By: By Bahar Gholipour, Staff Writer
Published: 07/26/2013 09:07 AM EDT on LiveScience
Technology or equipment issues cause one in four operating room errors, and device checks before surgery could prevent some of them, a new study finds.
About 15 errors occur during a typical operation, researchers found. Equipment failure accounted for about 24 percent of these errors.
The results show equipment problems form a substantial proportion of all errors occurring in the operating room, the researchers said. Operations that rely heavily on technology[1] , such as heart surgeries, had higher rates of equipment problems than did general surgeries.
Performing equipment checks before surgeries, using briefing tools and conducting staff training[2] programs reduced error rates by half, the study found.
"There is clear benefit in the use of preoperative checklist-based systems, by which a large proportion of equipment-related error and overall error can be reduced," the researchers said. They recommended that equipment checks become routine practice and be included in the current World Health Organization Surgical Safety Checklist.

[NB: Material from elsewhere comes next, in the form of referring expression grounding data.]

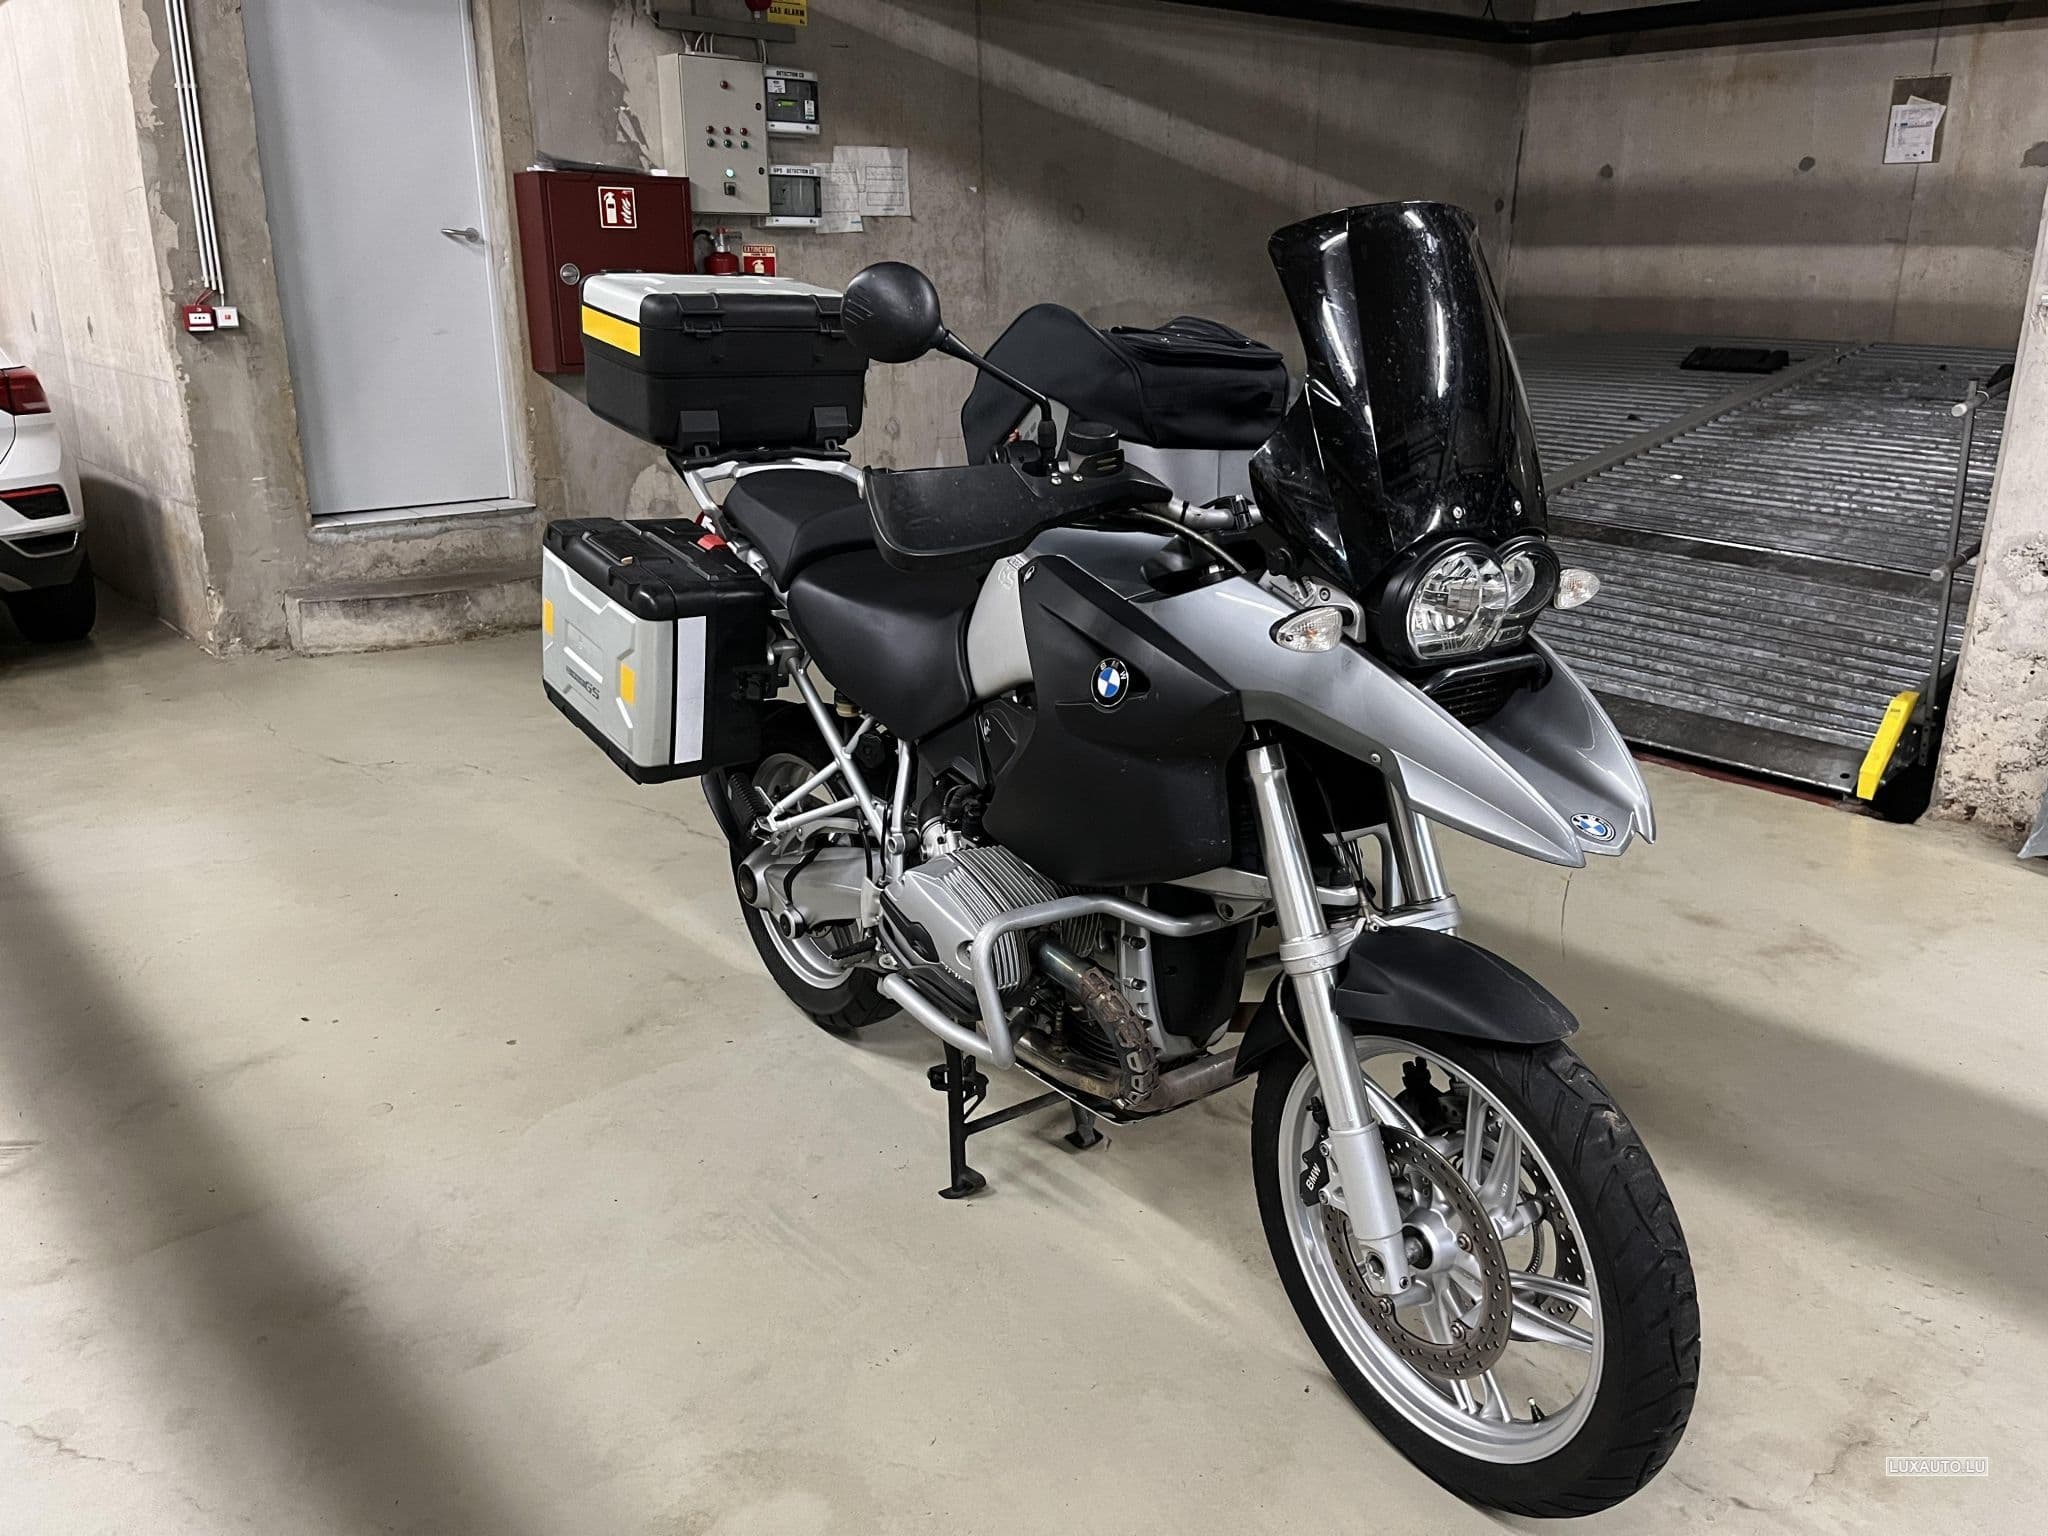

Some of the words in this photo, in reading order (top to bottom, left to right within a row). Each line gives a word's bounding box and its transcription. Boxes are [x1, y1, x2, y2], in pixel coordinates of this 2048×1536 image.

[769, 6, 781, 14] GAS
[784, 7, 805, 16] ALARM
[1100, 660, 1128, 680] BMW
[1305, 1162, 1321, 1191] BMW
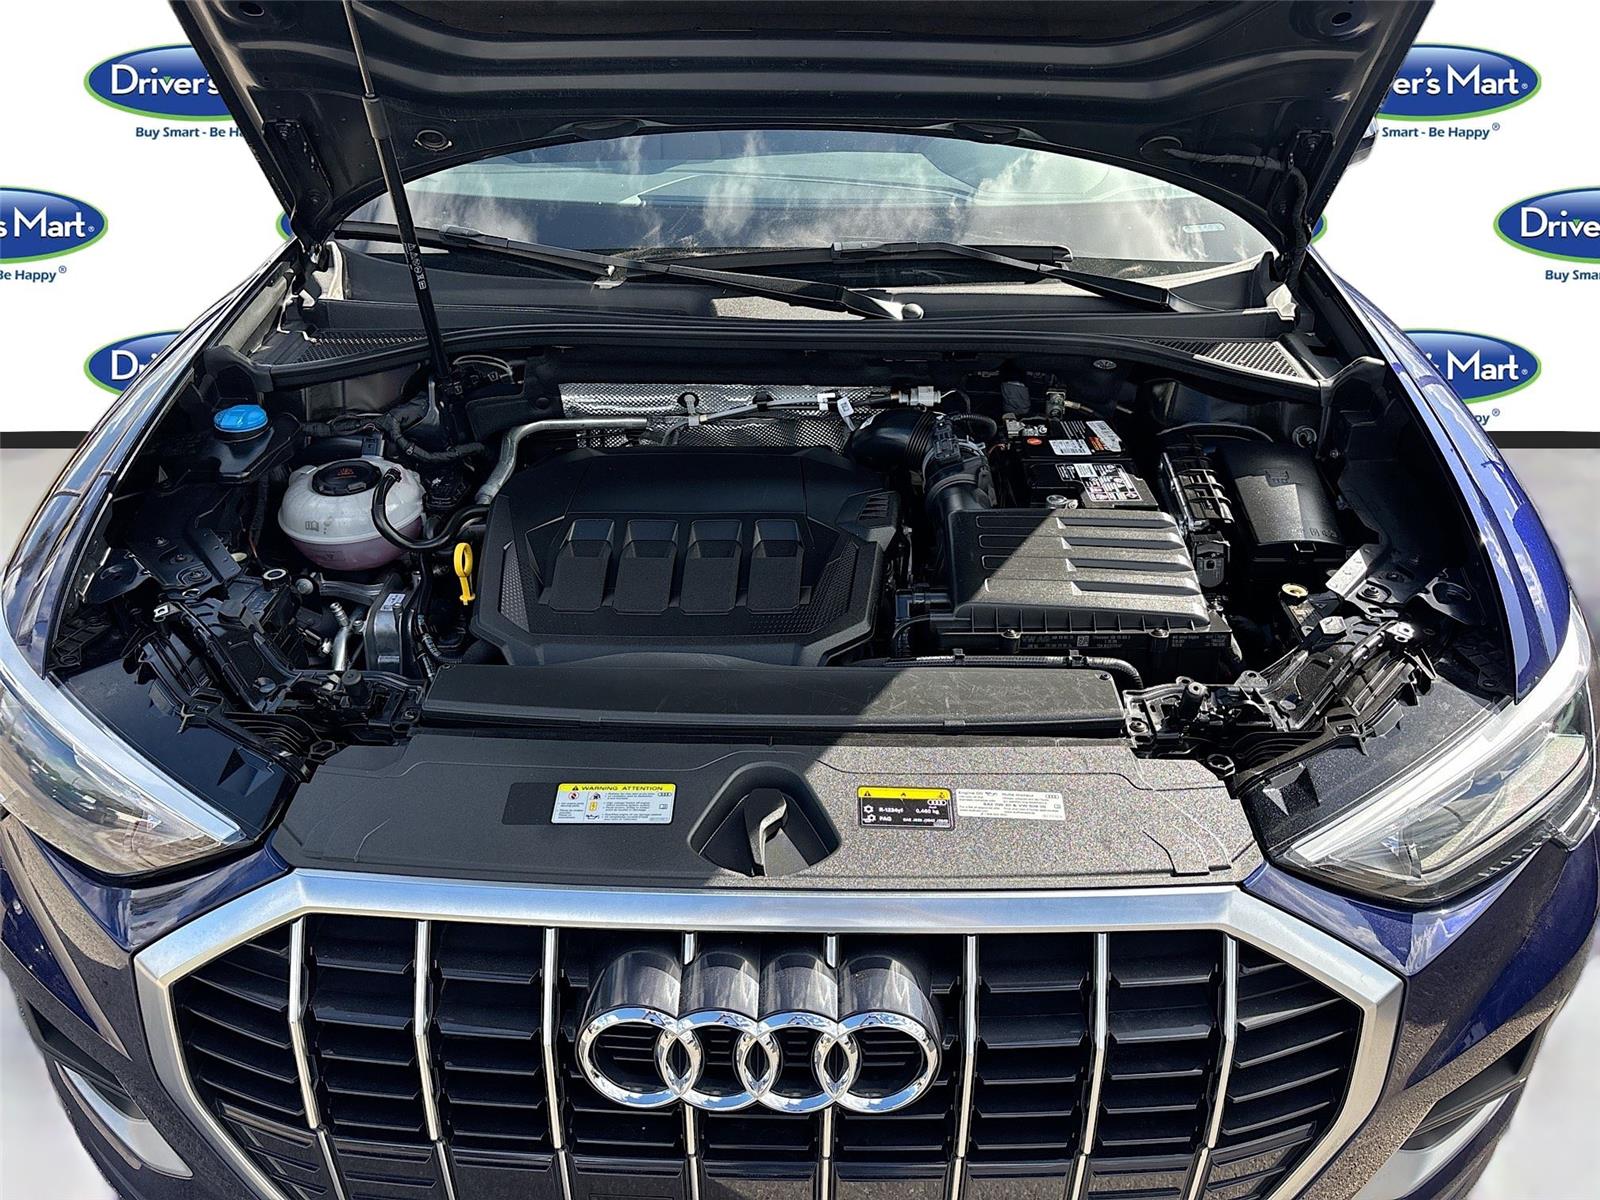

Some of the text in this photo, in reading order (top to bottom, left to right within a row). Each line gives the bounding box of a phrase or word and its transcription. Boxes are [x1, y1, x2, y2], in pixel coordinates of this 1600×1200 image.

In the study, researchers categorized equipment problems into three groups: a lack of availability of needed equipment accounted for 37 percent of equipment failures; problems with equipment configuration and settings occurred in 44 percent of cases, and device malfunctioning was responsible for 33 percent of cases.
"The increasing use of technology[3] in all surgical specialties may also increase the complexity of the surgical process, and may represent an increasing propensity to error from equipment failure," the researchers wrote in their study, published online today (July 25) in the journal BMJ Quality & Safety.
Previous studies have shown that medical errors affect 13-16 percent of patients, with surgical procedures responsible for around half of these adverse events.
Email Bahar Gholipour[4] or follow her @alterwired . Follow LiveScience @livescience[6] , Facebook[7] & Google+[8] . Original article on LiveScience.com[9] .[5]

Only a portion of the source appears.